The problem is that although the service may have not been able to understand the message sent to it, there may be valuable data in that message and, as such, you don't want to throw the message away. You also wouldn't want it to clog up the service's input queue.

The solution in this case is quite similar to the one that is used for database unavailability: simply move the message to a different queue, possibly even the exact same error queue. The slight difference in this case is that there is no uncertainty as to the future result of processing this message—it will always result in an exception. Being such, it is unnecessary for you to wait until the message has rolled back n times before moving it to the error queue. A message that fails deserialization should just be moved directly to the error queue.

Messages in the Error Queue

From the scenarios described earlier you can see that various messages can be identified as poison messages in many circumstances. Some of these messages may indeed be garbage that is best thrown away, yet the only definitive way to make that decision is by having a human operator examine these messages.

In the case of a deserialization exception, the operator may route the message to an endpoint running a previous version of the software or possibly reformat the message to the new version and return it to the input queue.

Hopefully, operators would know about databases going offline, but if a single data file goes bad and only a few tables are affected, messages in the error queue, along with the corresponding log files, can raise a flag about these hidden issues so that they can be identified and resolved quickly.

What can be learned from the topic of poison messages is that the time it takes a service to respond to a message sent to it can be quite long. In fact, the issue of time becomes a primary concern in designing message-based systems—sometimes a late response might as well never have come at all.

Time and Message Loss

While you might think that by using durable and transactional messaging, message loss can be mitigated entirely, the reality, as always, is more complicated than that.

Let's consider a business-to-business scenario where our ordering system is communicating with an external shipping company to take care of the shipment of orders to customers. For every order we accept, a message needs to be sent to the shipping system. In order to prevent messages from getting lost if either system goes down, we use durable messaging along with transactional handling of messages to transfer the order information.

As we analyze the specifics of this scenario, we'll see that message loss is not only inevitable but cost effective. If we take an average message size of 1MB for each order sent, and our order system is processing 10 orders per second (nothing too heavy), and the shipping servers become unavailable, these messages will be durably stored in an outgoing queue. In terms of I/O usage, that's 10MB per second, or 600MB per minute.

This scenario was only noticed after a communication outage of three hours where our systems tried to write over 100GB of data to a partly full three-disk RAID 5 array of 36GB SCSI disk. Servers tend to lose stability when they aren't able to write to their hard drives anymore—not only that, it's almost impossible to bring them back up.

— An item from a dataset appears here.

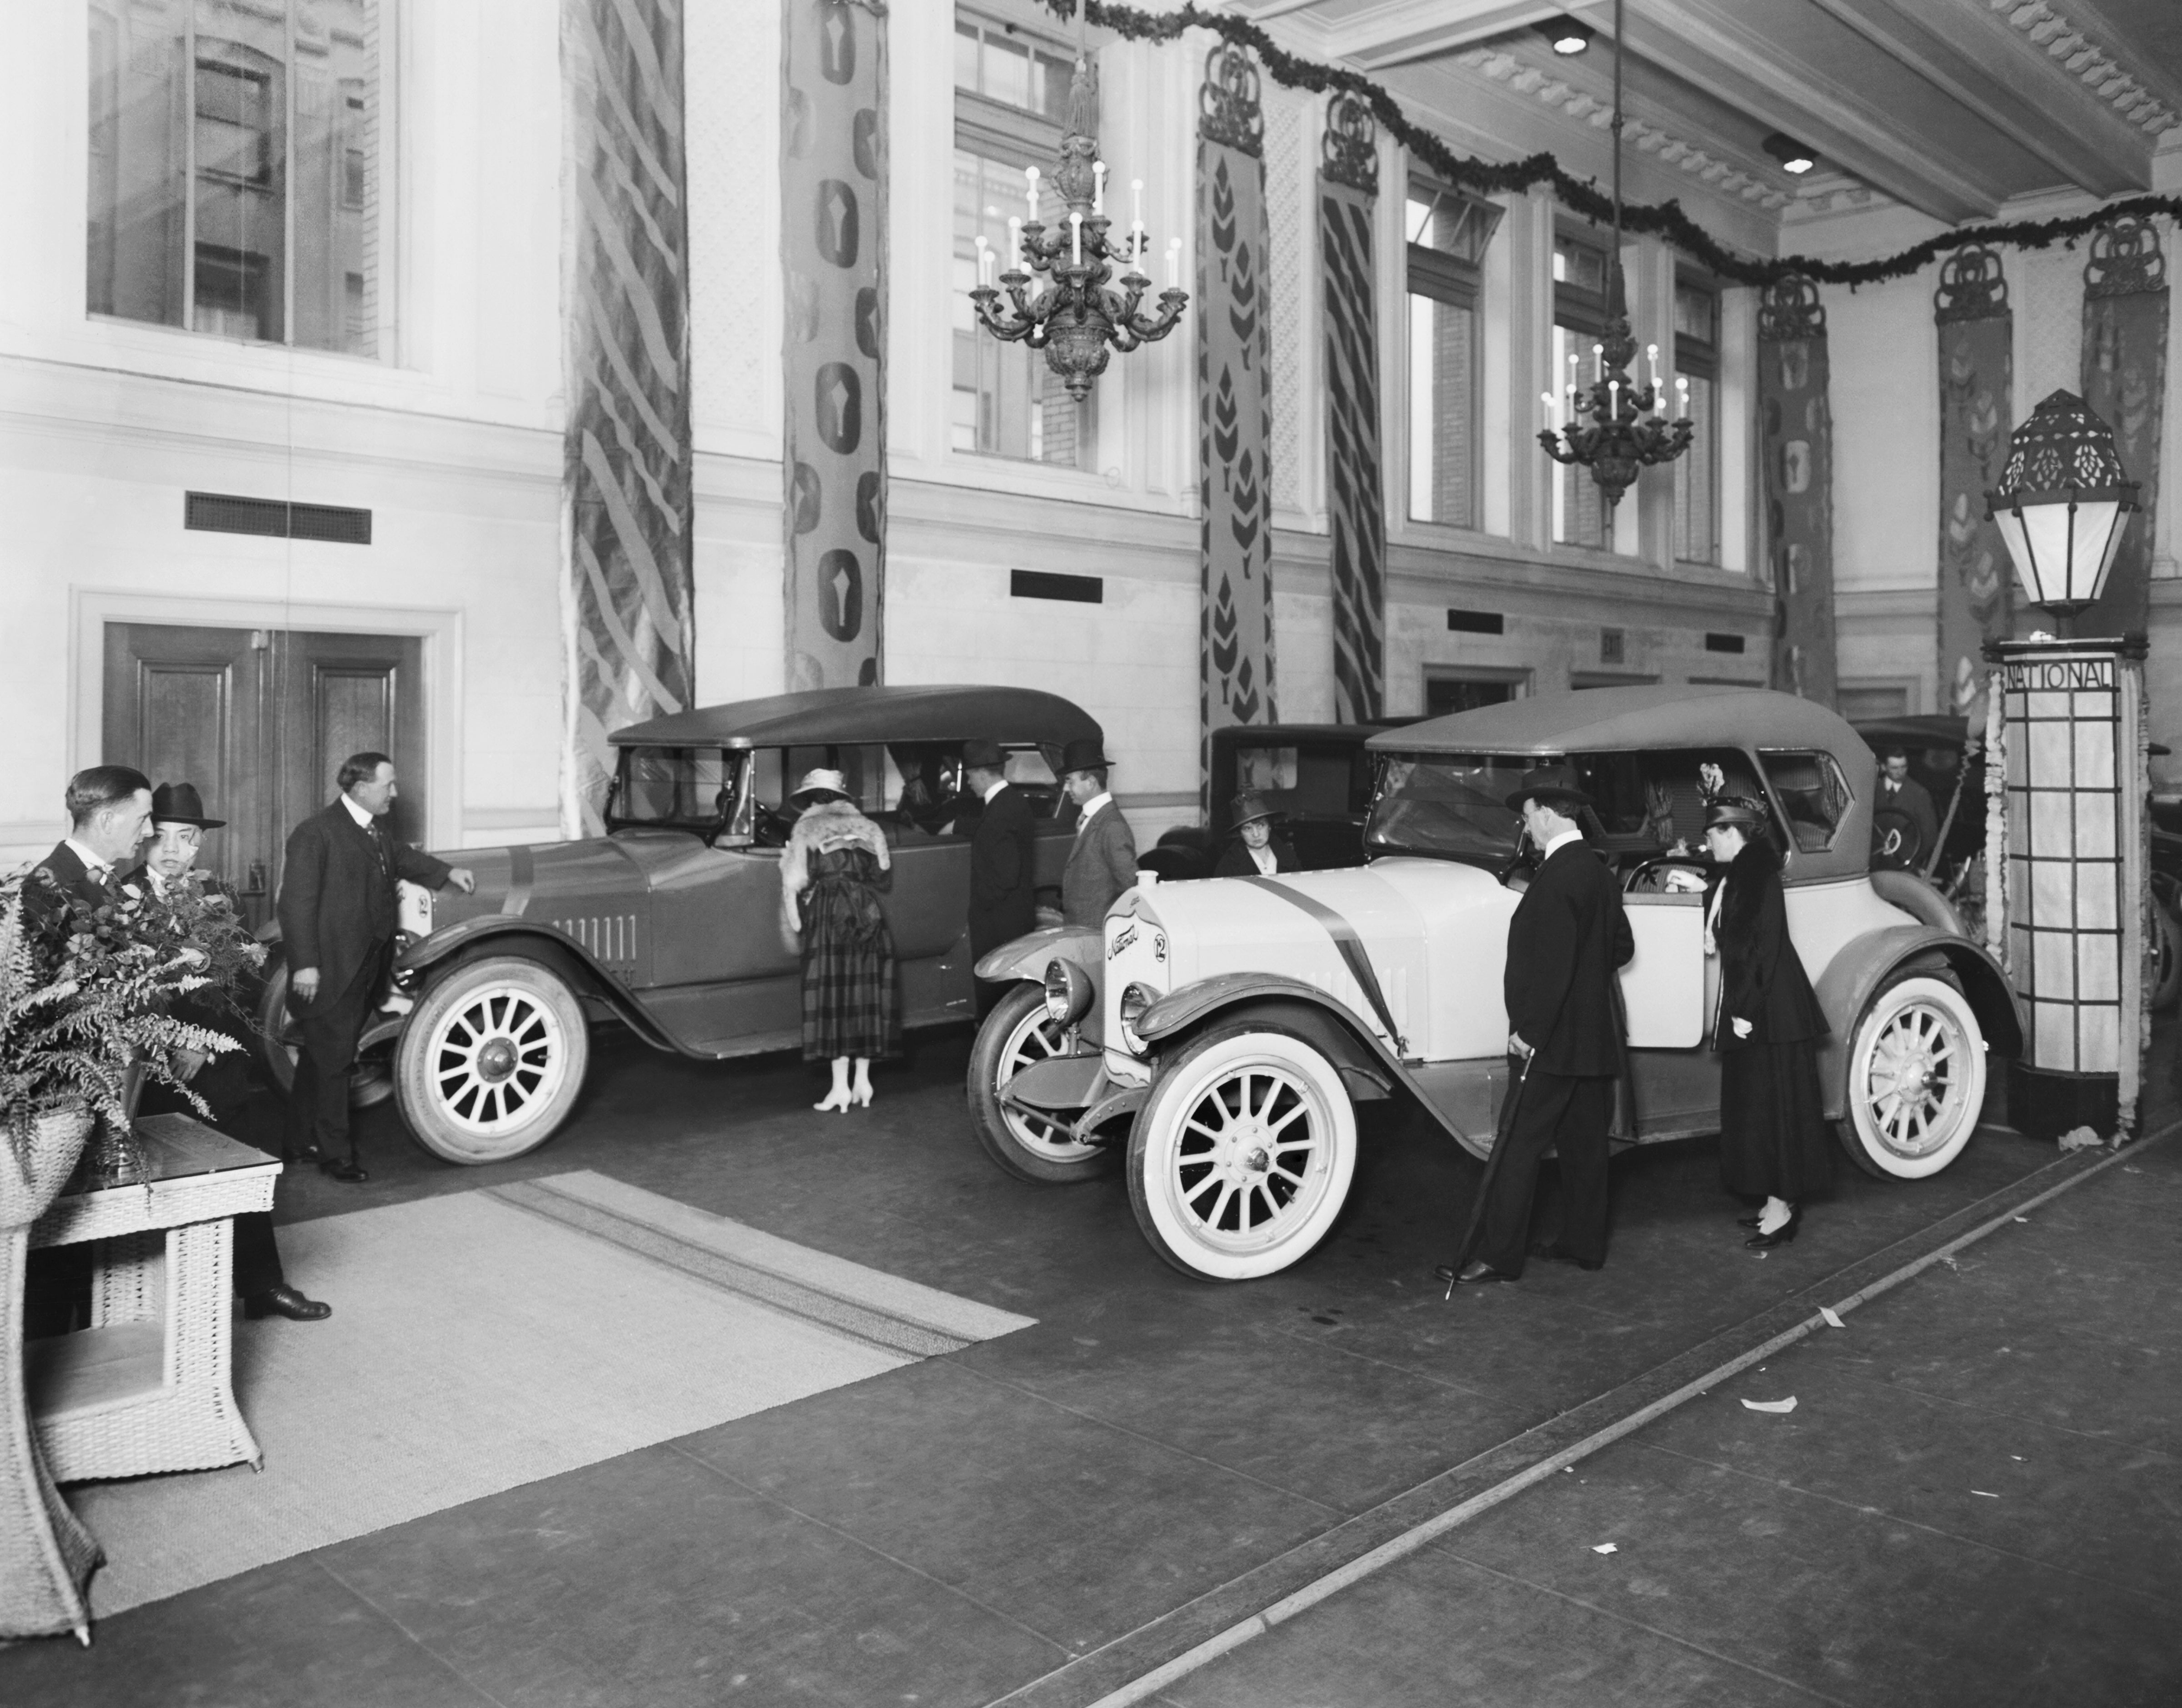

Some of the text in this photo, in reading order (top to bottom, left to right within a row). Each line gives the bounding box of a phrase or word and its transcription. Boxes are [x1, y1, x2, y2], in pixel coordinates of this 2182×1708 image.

[2007, 662, 2110, 688] NATIONAL
[1107, 924, 1138, 960] National
[1155, 938, 1166, 959] 12
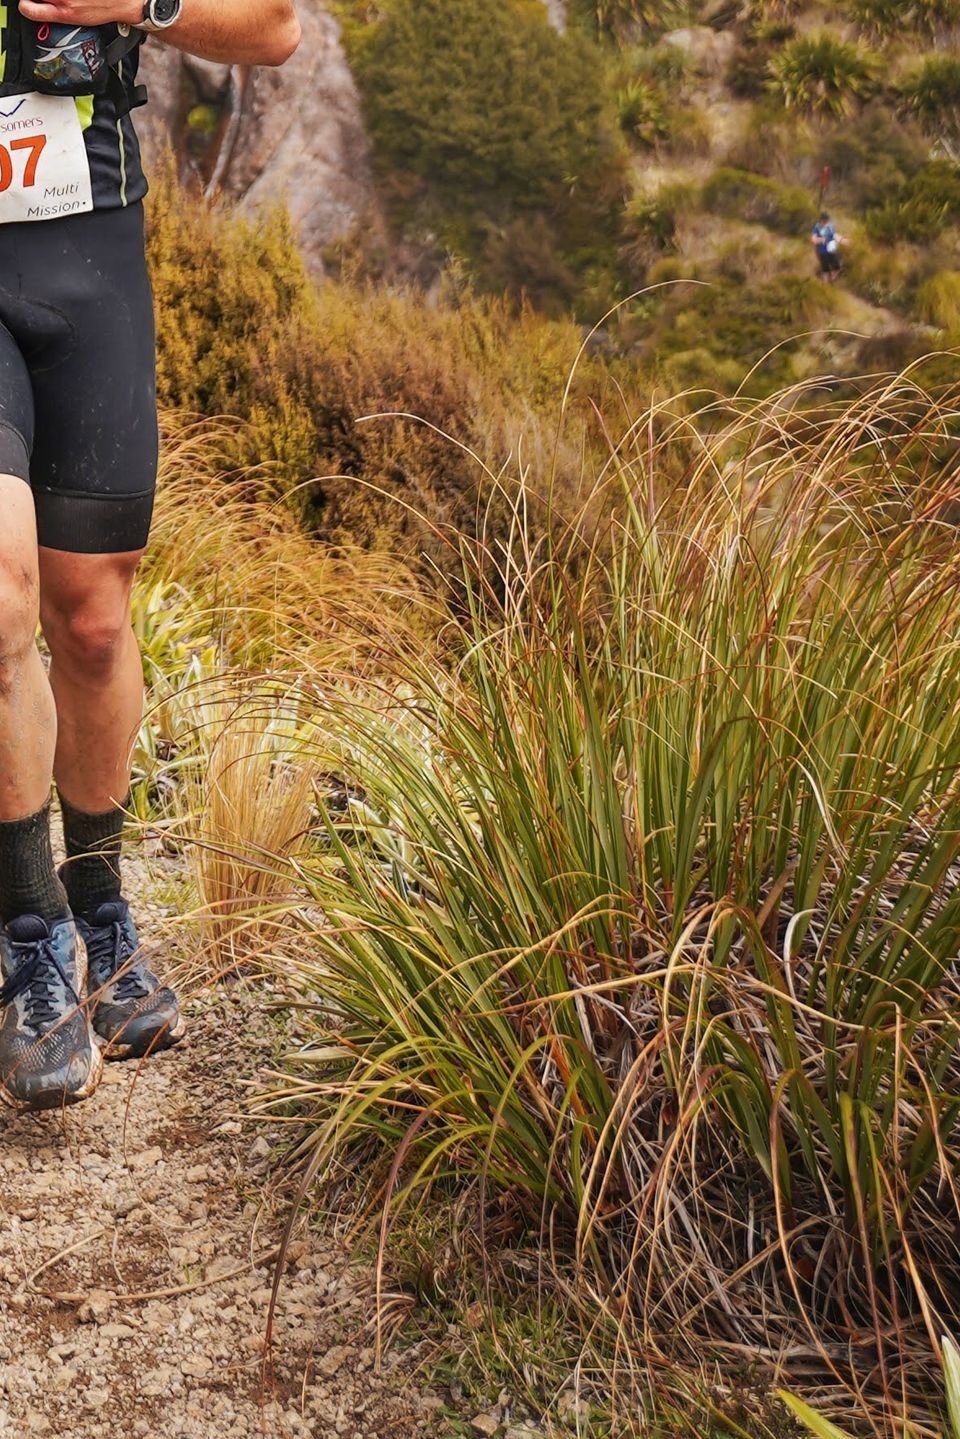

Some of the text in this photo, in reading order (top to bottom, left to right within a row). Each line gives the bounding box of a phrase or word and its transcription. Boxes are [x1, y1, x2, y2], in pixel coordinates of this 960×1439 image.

The three hours of backlogged orders, despite being the source of the problem, were not our main concern at that point. The fact that for the two hours that it took us to get the system back up we were losing orders to the tune of several hundred thousand dollars—well, that was enough to get serious management pressure to both solve the immediate problem and prevent it from occurring again. The lesson we learned was that durable messaging is no silver bullet and has an associated cost.

To maintain stability, our servers would need to throw away messages that had not yet been sent to their destination successfully. The difficulty was in deciding which messages should be kept and for how long.

TimetoBeReceived

The order system received requests from many other systems, published events, received events from other systems—each of these resulting in messages either in incoming queues or in outgoing queues. Some services made use of data coming in on a feed where the validity of the data was only a few minutes. It didn't make sense to keep those messages around for any longer than that—even if it took longer than that for all server processes (IIS, SQL Server, other Windows services) to come up. The same thing was true for data feeds that our systems were putting out—if a subscriber was offline for longer than the time the data in a message was valid, it didn't make sense for that message to take up space in our outgoing queues.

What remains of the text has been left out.